Many people are seeing value in taking up yoga classes. Could it be for you?
Around 4,000 years ago, yoga became standard practice in ancient India for promoting health, helping with back problems, and even preventing disease. Then, around twenty years ago, it made its way into the Western world with a bang, encouraging over two million Australians to grab their yoga mats and take part too.
Yoga incorporates meditation, breathing exercises, and physical exercise, which means it can be suitable for a broad range of people. Even those who suffer from back and neck problems have found benefit; such as pain relief, learning relaxation techniques, and improving their strength and flexibility.
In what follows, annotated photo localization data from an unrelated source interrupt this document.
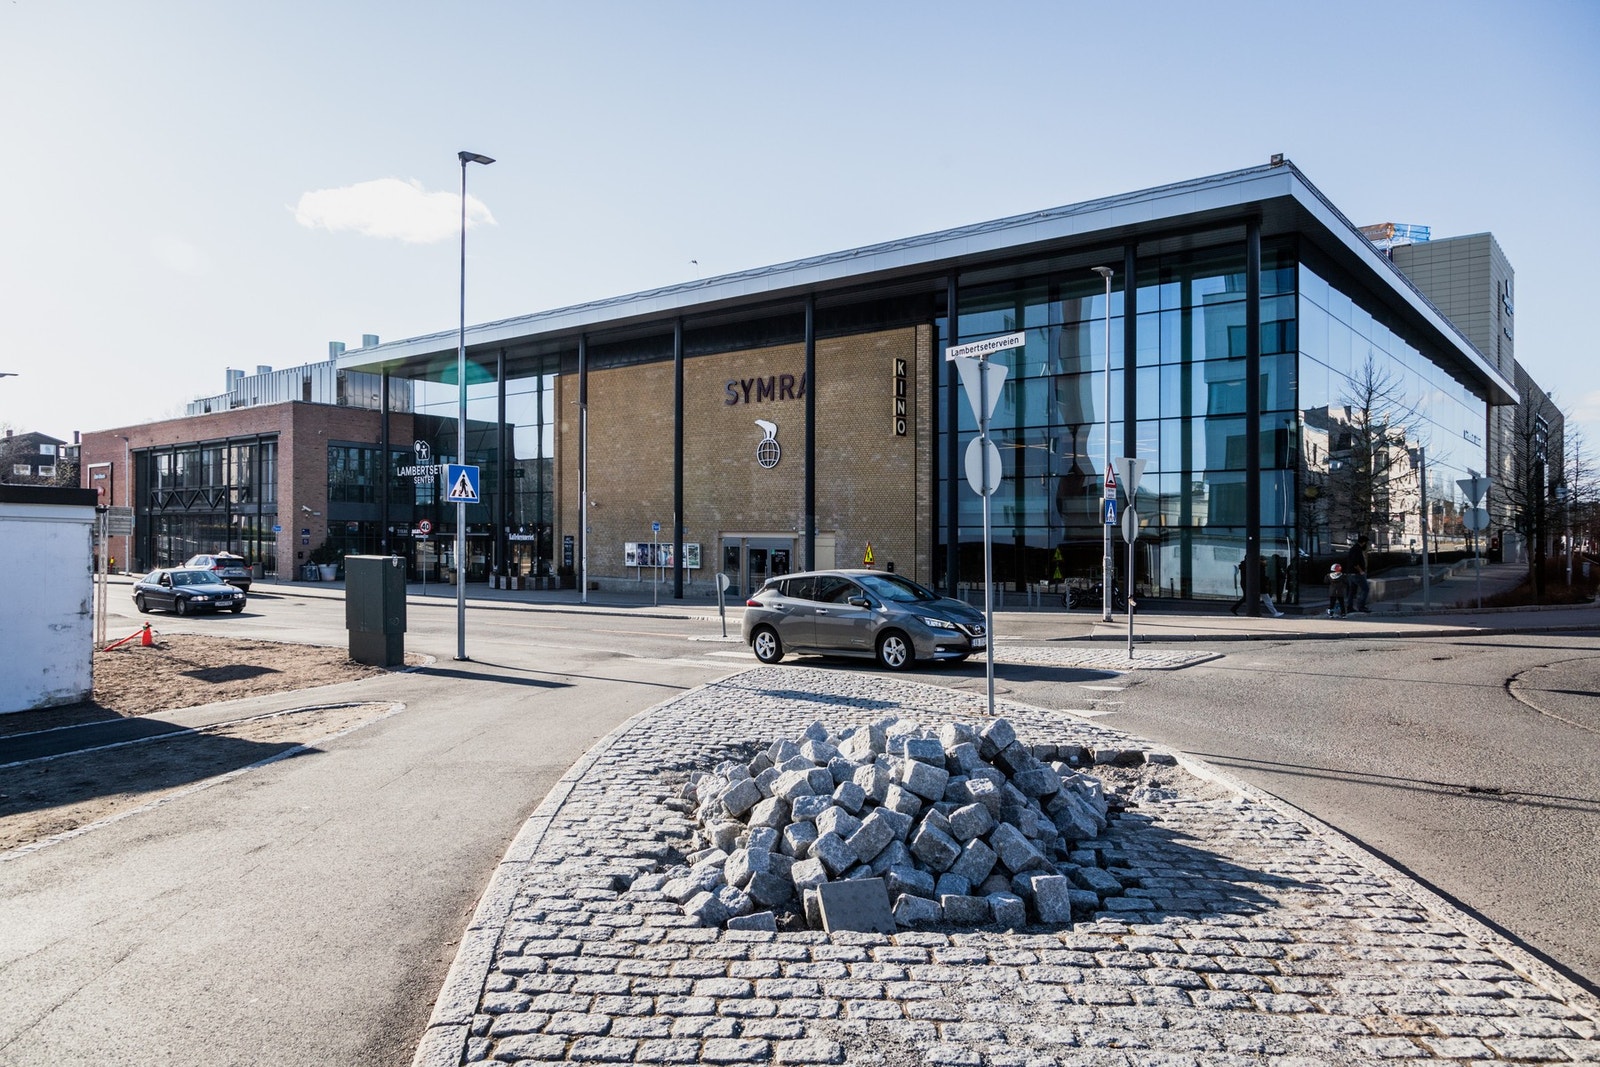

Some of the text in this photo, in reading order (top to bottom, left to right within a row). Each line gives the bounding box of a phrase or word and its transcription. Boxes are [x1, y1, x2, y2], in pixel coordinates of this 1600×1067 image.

[951, 337, 1019, 357] Lambertseterveien
[897, 361, 906, 434] KINO
[397, 464, 443, 476] LAMBERTSET
[413, 475, 435, 484] SENTER
[421, 522, 430, 531] 40
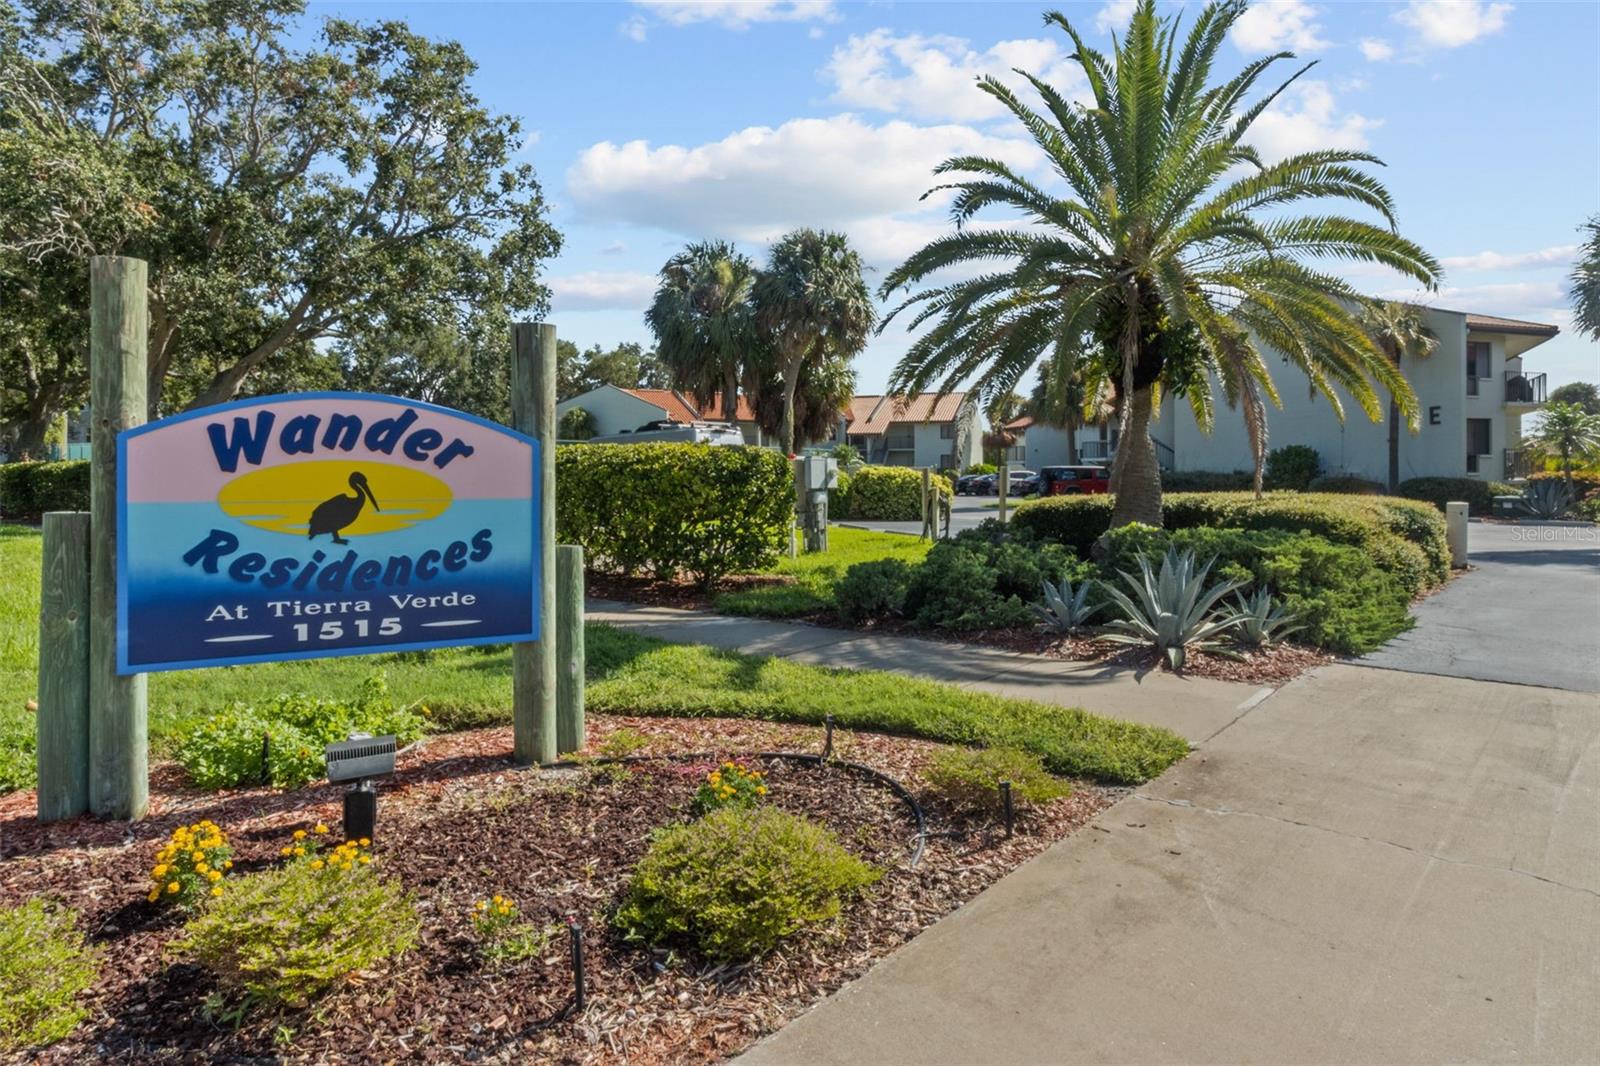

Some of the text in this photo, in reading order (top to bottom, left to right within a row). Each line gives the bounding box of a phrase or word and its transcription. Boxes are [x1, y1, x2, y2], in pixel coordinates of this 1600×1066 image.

[1429, 405, 1442, 425] E
[207, 408, 475, 473] Wander
[182, 528, 494, 592] Residences
[205, 591, 477, 622] At Tierra Verde
[293, 617, 403, 642] 1515
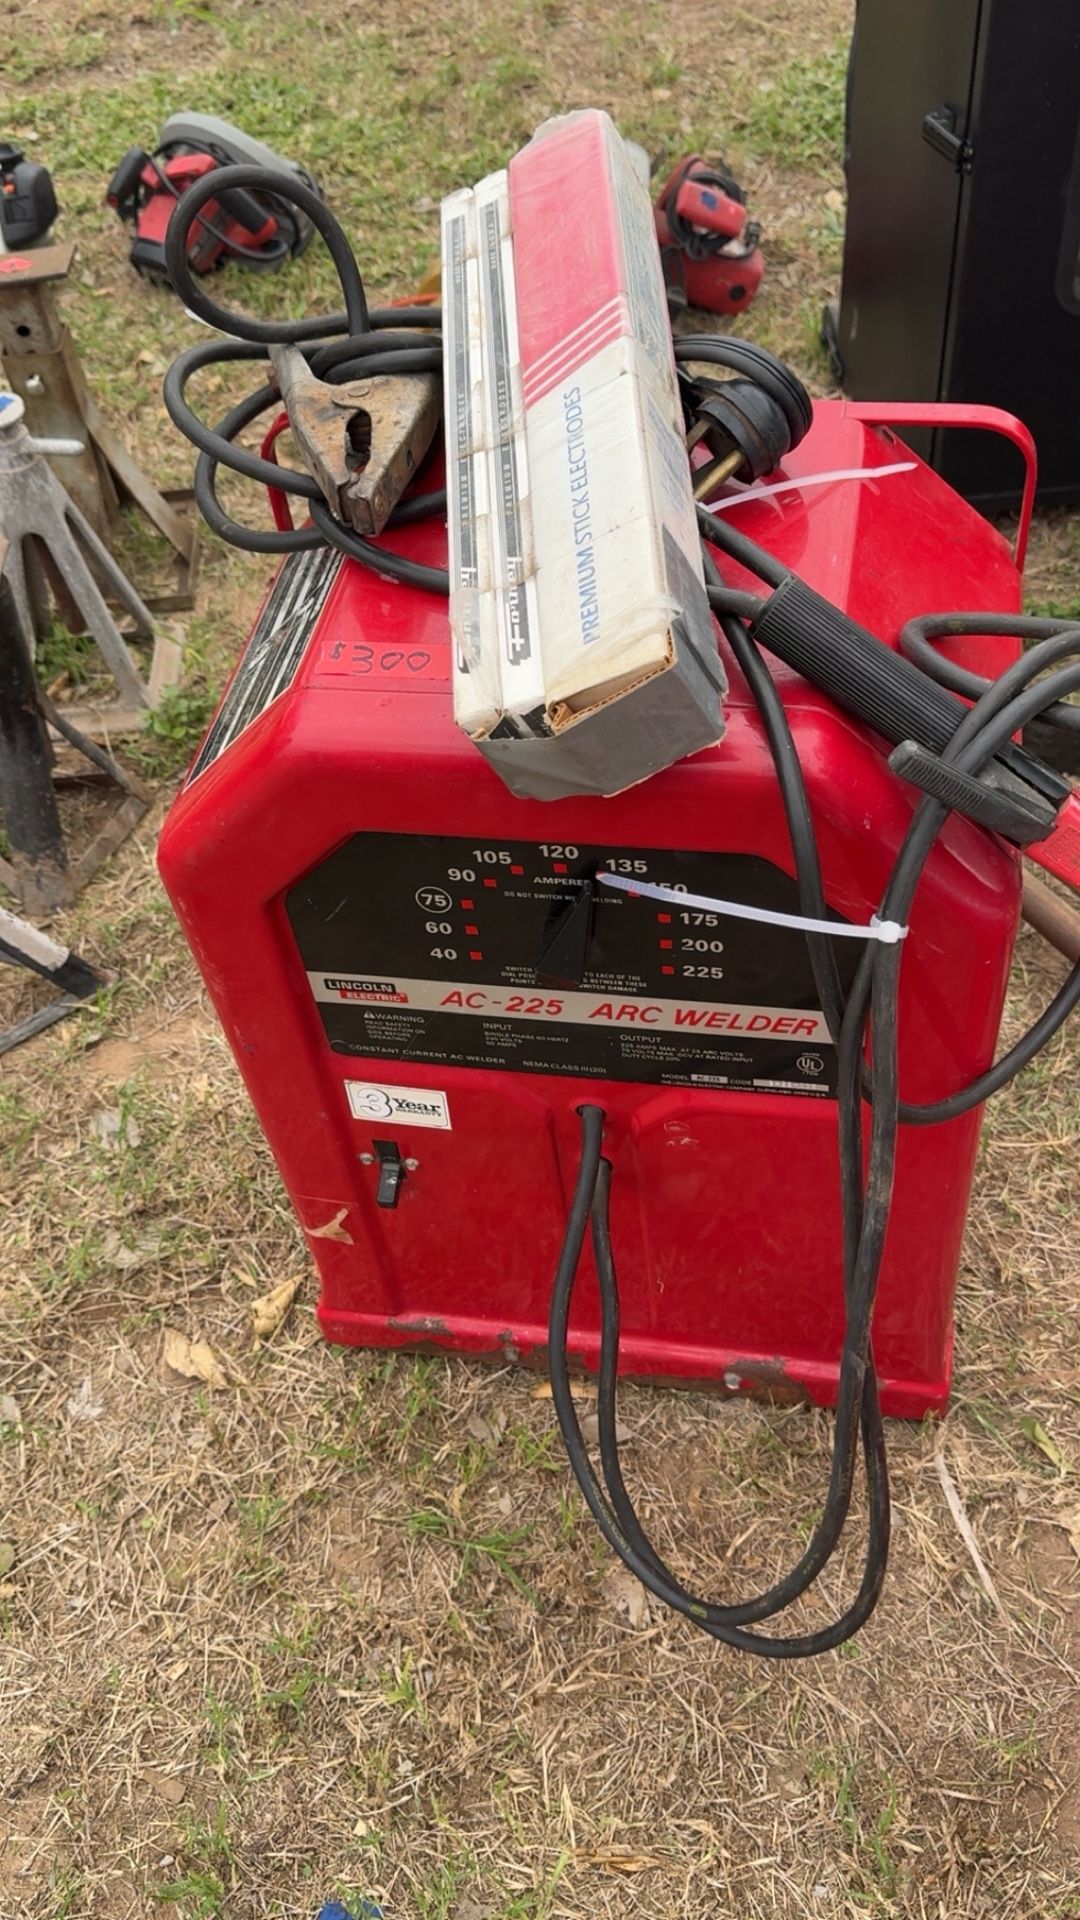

While word of mouth is helping to fill yoga classes across the country, it’s the research into its effects that is also encouraging people to try yoga for themselves. Results, so far, are encouraging, with yoga becoming an accepted part of treatment plans for a variety of conditions such as asthma, back and neck problems, heart disease, and even carpal tunnel syndrome. Some studies also show that some yoga poses, plus relaxation and breathing techniques, can help with depression and anxiety.
Regarding neck and back pain, there is no standard approach for everyone. However, studies show that people who take part in yoga exercises twice weekly for two months can see improvement in their flexibility, endurance, and strength – paramount in most back and neck pain treatment goals.
If you have been thinking about taking up yoga, but you feel you may struggle, then it may be helpful to know that yoga instructors can modify exercises to suit. What’s more, if you suffer from a spinal or back condition meaning some poses are not possible or safe, then an instructor can also offer alternatives. Before you join a class, find out whether the instructor has worked with people with spinal problems, their experience level, and what their training includes. You may then like to sit in and watch a class before you participate, or join a one-on-one session with a trainer to find out if it’s right for you.
Yoga promotes health and wellbeing and can fit into most people’s fitness and exercise plans. If you’re looking to improve your strength, balance, or overall health, then it might be time to roll out the yoga mat, contact an instructor, and join a class near you.